Below are the records; extract from them the line containing "this 1200×1601 image." to the line containing "Some of the text", both lines included, exactly and with no pictures.

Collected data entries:
□ □ □

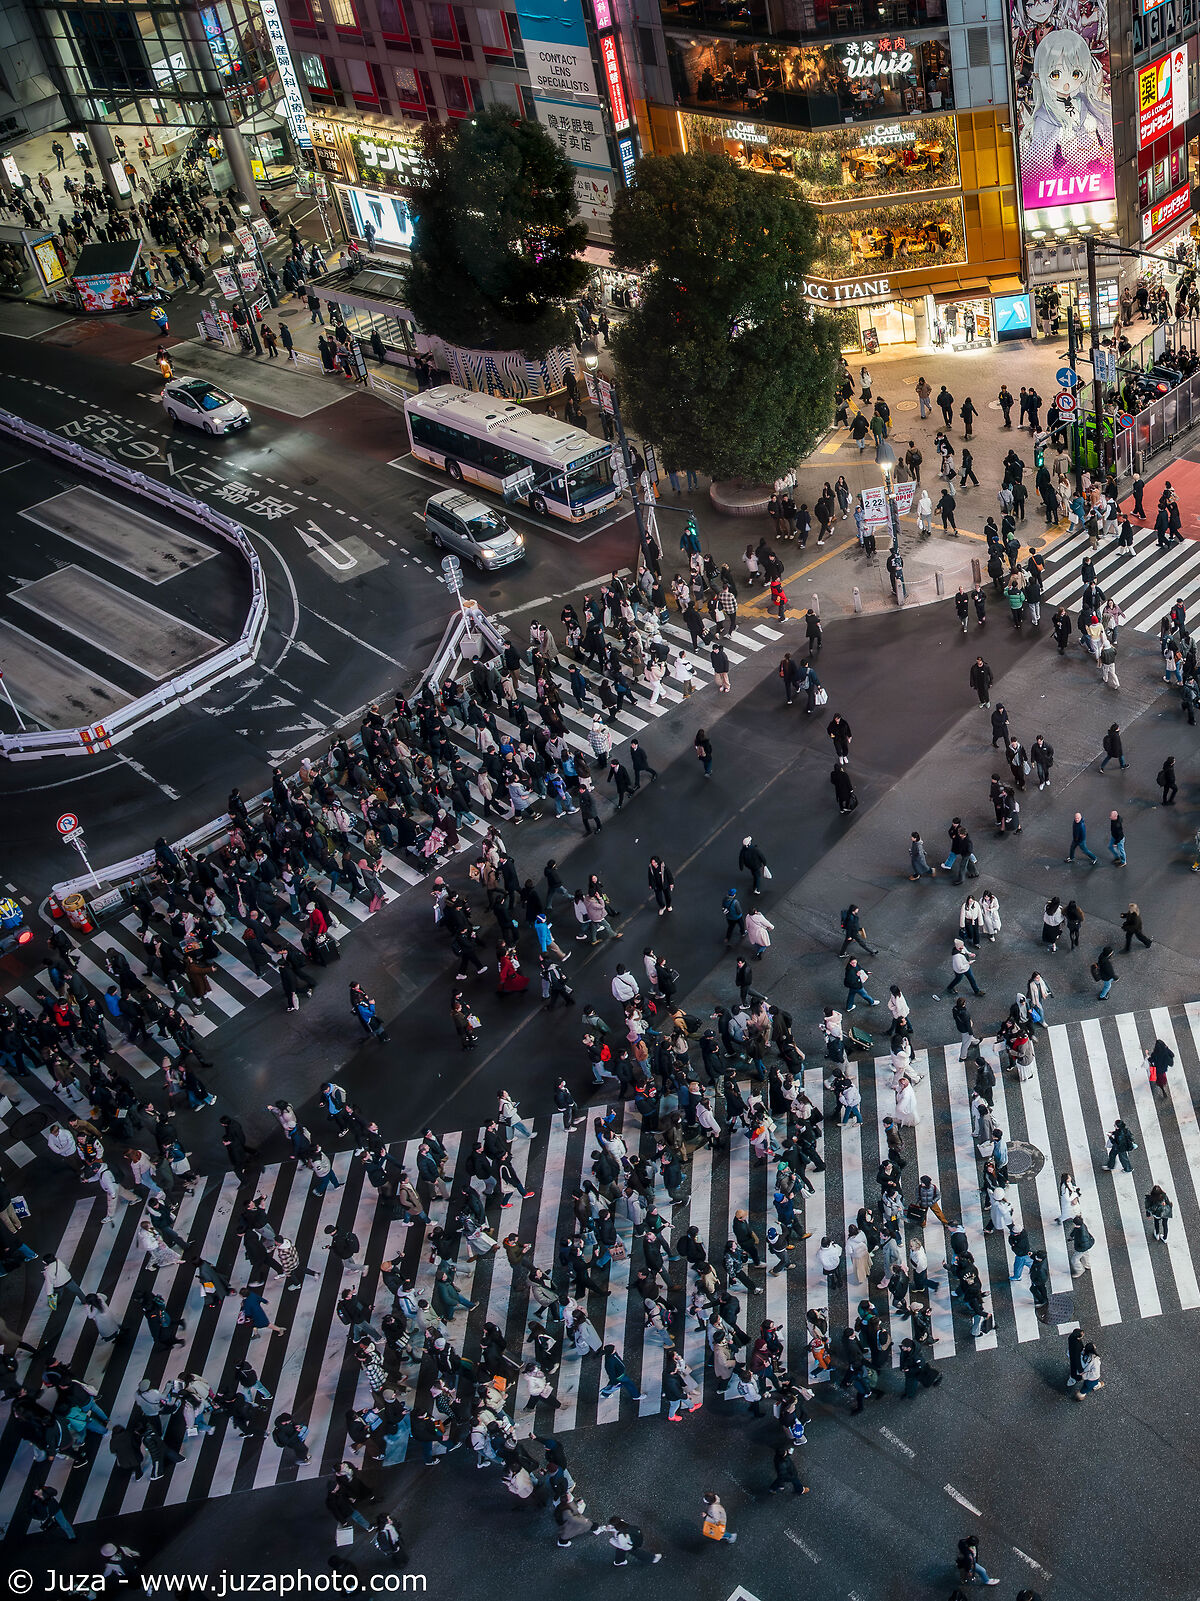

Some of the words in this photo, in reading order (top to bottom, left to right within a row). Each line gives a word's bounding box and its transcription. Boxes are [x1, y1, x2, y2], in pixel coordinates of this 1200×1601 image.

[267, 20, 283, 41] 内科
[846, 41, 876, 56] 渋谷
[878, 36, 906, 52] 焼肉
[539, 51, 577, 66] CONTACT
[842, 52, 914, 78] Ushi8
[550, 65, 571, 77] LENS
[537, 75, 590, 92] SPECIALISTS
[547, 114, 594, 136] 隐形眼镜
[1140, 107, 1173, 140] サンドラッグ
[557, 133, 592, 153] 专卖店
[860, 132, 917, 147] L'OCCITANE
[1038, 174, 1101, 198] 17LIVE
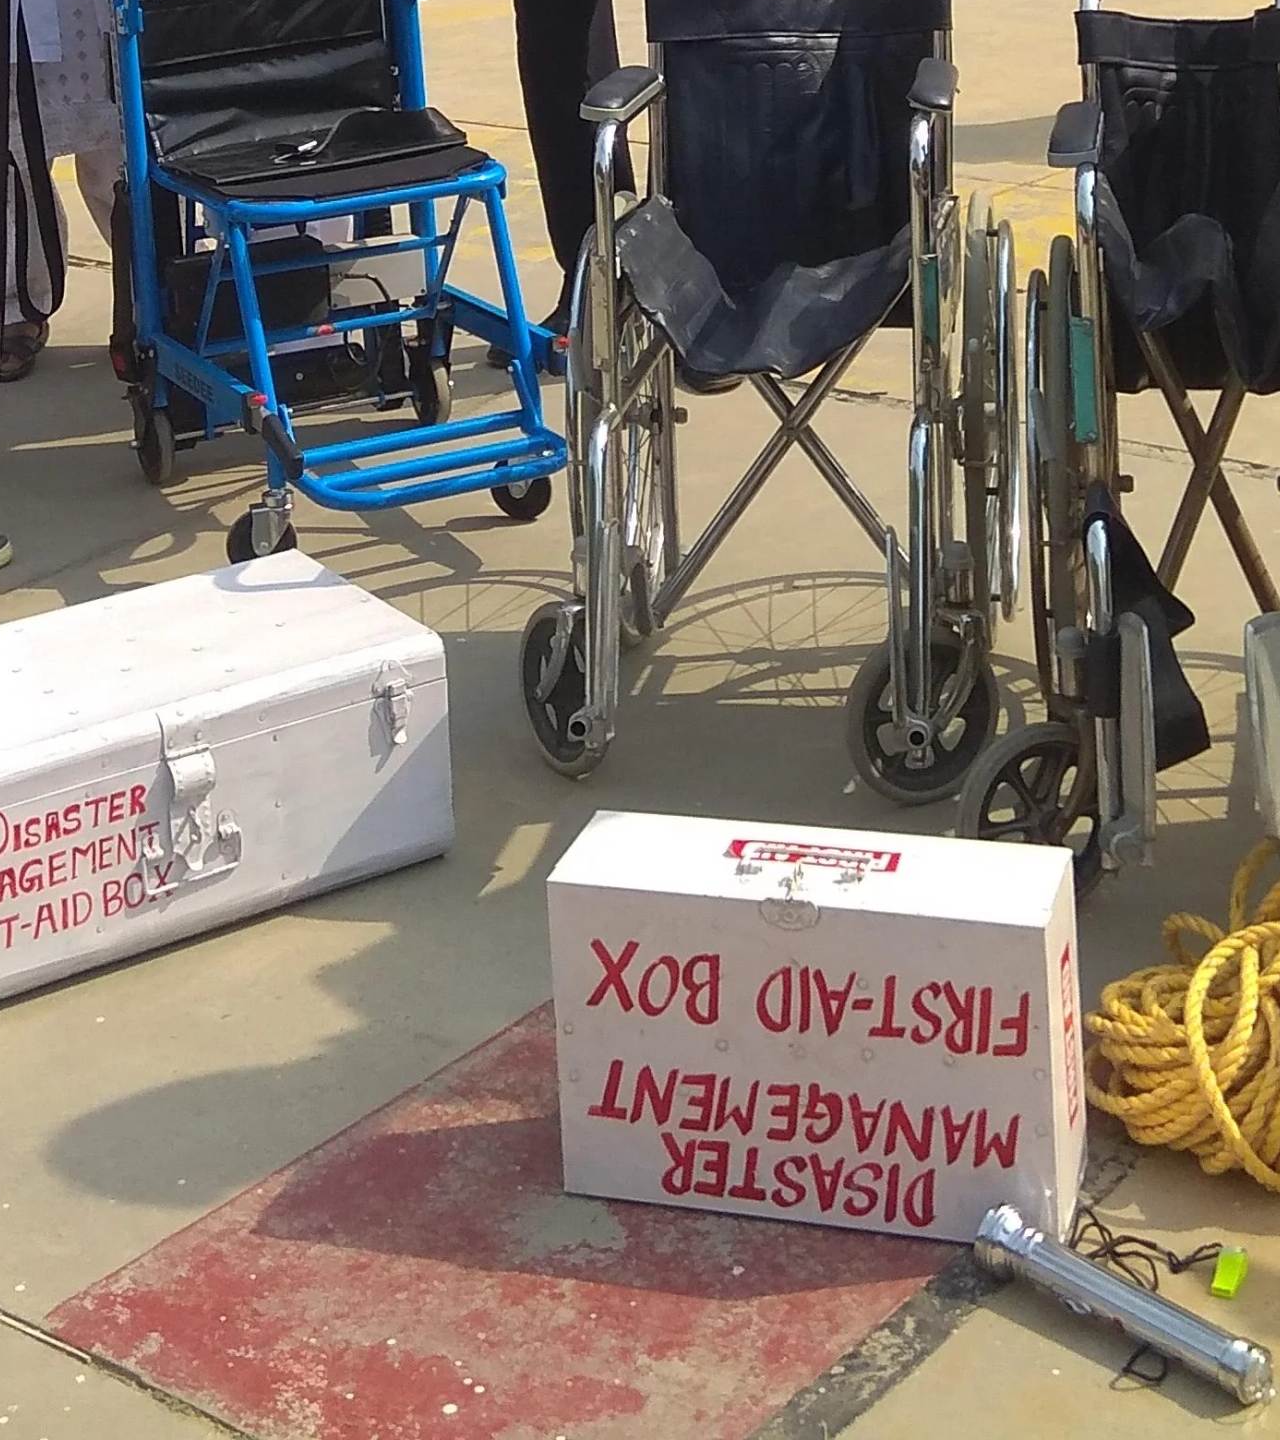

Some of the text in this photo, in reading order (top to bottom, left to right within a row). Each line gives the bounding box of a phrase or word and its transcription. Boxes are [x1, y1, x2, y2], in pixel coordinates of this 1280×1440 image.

□ □ □

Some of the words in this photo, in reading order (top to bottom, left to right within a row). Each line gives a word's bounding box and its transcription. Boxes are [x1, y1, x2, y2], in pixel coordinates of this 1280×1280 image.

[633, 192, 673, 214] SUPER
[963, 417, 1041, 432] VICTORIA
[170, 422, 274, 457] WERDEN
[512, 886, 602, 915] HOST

□ □ □

EXERCISE OUTPUT:
Some of the words in this photo, in reading order (top to bottom, left to right within a row). Each line gives a word's bounding box and its transcription. Boxes are [x1, y1, x2, y2], in pixel coordinates of this 1200×1601 image.

[267, 20, 283, 41] 内科
[846, 41, 876, 56] 渋谷
[878, 36, 906, 52] 焼肉
[539, 51, 577, 66] CONTACT
[842, 52, 914, 78] Ushi8
[550, 65, 571, 77] LENS
[537, 75, 590, 92] SPECIALISTS
[547, 114, 594, 136] 隐形眼镜
[1140, 107, 1173, 140] サンドラッグ
[557, 133, 592, 153] 专卖店
[860, 132, 917, 147] L'OCCITANE
[1038, 174, 1101, 198] 17LIVE

Some of the text in this photo, in reading order (top to bottom, left to right within a row). Each line gives the bounding box of a phrase or word and its transcription. Boxes are [x1, y1, x2, y2], in pixel coordinates of this 1280×1440 image.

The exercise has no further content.